The use of increasingly eco-friendly solvents has been a guiding principle in liquid-phase microextraction (LPME). A solvent can be considered green when it exhibits low toxicity, biodegradability, low cost, and good availability. In this work, two microextraction methods were developed, employing different green solvents for the preconcentration and determination of mercury in seafood samples. In both studies, the reagent ammonium pyrrolidinedithiocarbamate (APDC) was used as a complexing agent, and detection was performed by cold vapor atomic absorption spectrometry (CV AAS). The first study proposes a simple approach based on microextraction with a switchable hydrophilicity solvent (SHS-DLPME). Octanoic acid (C8H16O2) was chosen as the SHS, and sodium carbonate was used as a CO2 source to change the polarity of the extraction solvent. After optimization, the detection limit was 0.010 mg kg-1, and the enrichment factor was 31. The second approach involved a vortex-assisted magnetic deep eutectic solvent dispersive liquid-phase microextraction (VA-MDES-DLPME). The MDES was produced from menthol and octanoic acid, used as proton acceptor and donor, respectively, and incorporated into magnetic iron nanoparticles. For this method, the enrichment factor was 51.4, while the detection limit was 0.009 mg kg-1. Certified reference materials BCR 414 (plankton), BCR 482 (lichen), and ERM-CE 278K (mussel tissue) were used for validation. The methods were applied to determine mercury in fish, mollusk, and crustacean samples, with mercury concentrations ranging from 0.11 to 0.37 mg kg-1 in both methods.

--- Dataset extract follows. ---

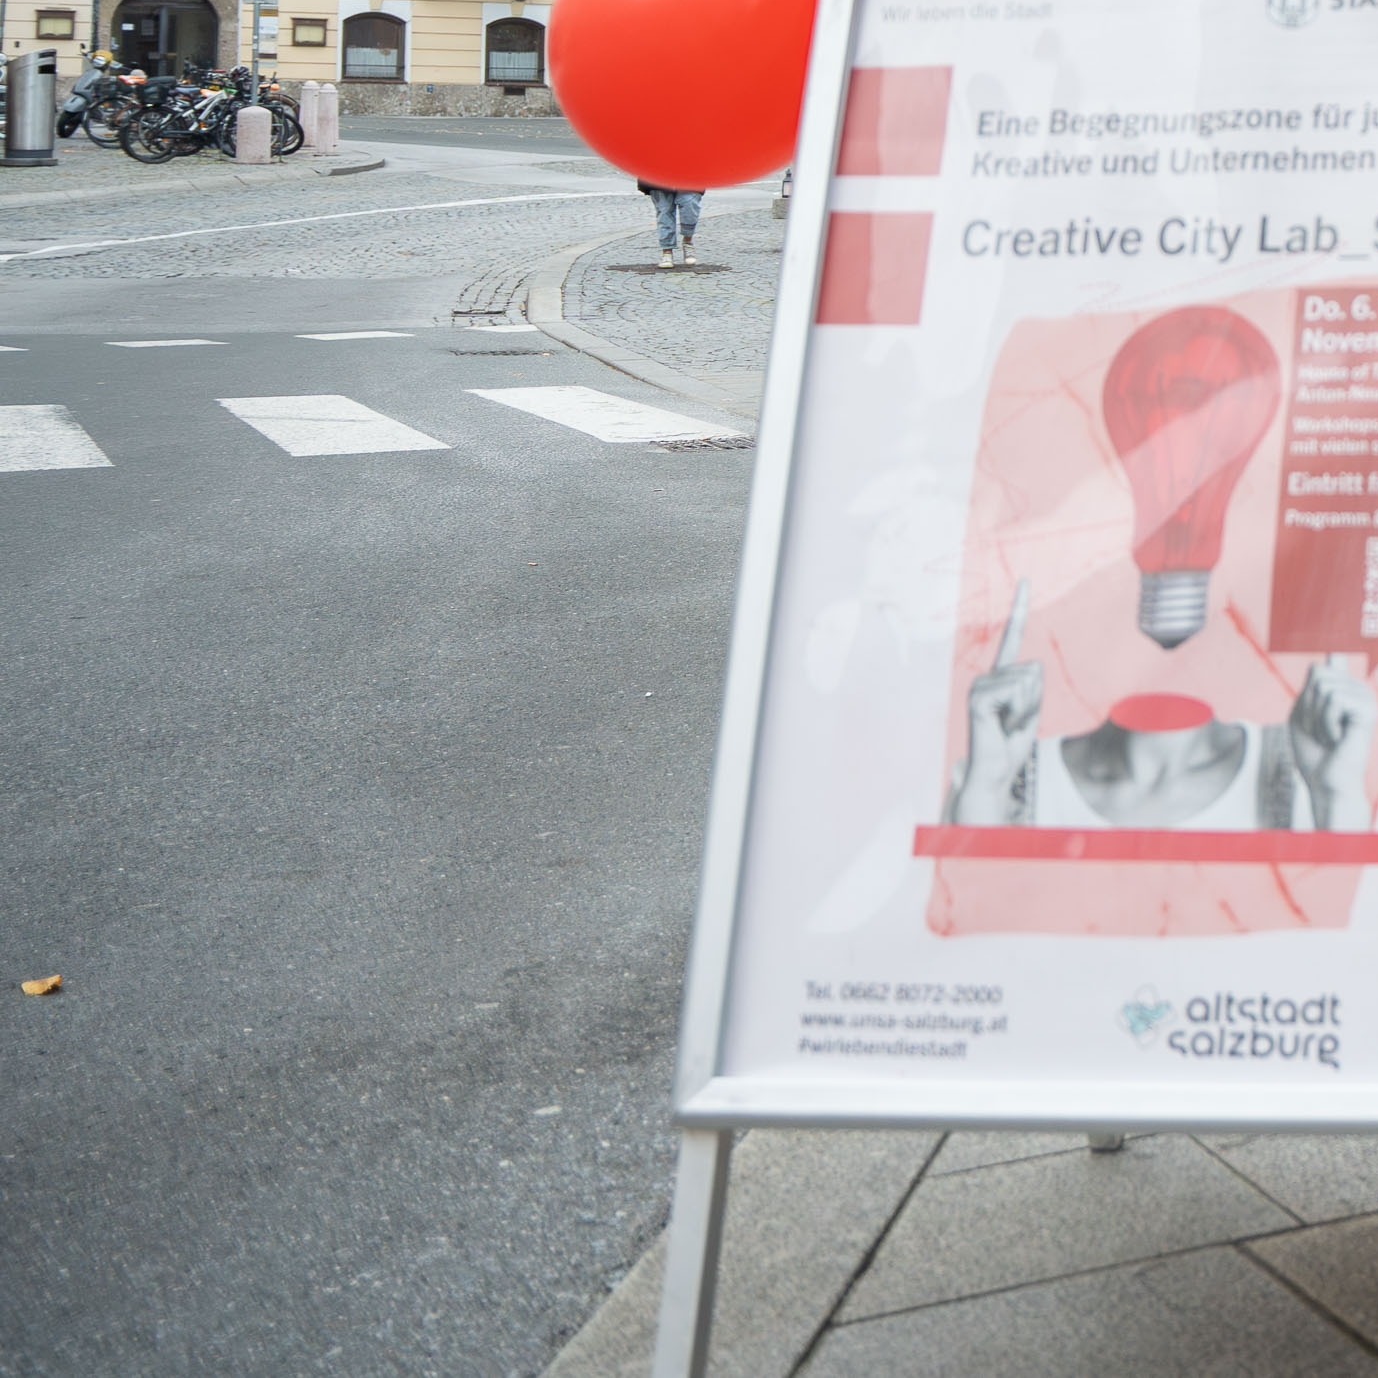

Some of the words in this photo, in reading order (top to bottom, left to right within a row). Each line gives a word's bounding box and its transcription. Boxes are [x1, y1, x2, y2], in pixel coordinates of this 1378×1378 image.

The SHS-DLPME and VA-MDES-DLPME methods scored 0.60 and 0.57, respectively, on the AGREE metrics. The results demonstrated that both methodologies align with the principles of green chemistry by providing efficient, selective, and more environmentally friendly alternatives for mercury determination. Overall, the proposed procedures significantly advance sustainable microextraction strategies for contaminant analysis in food.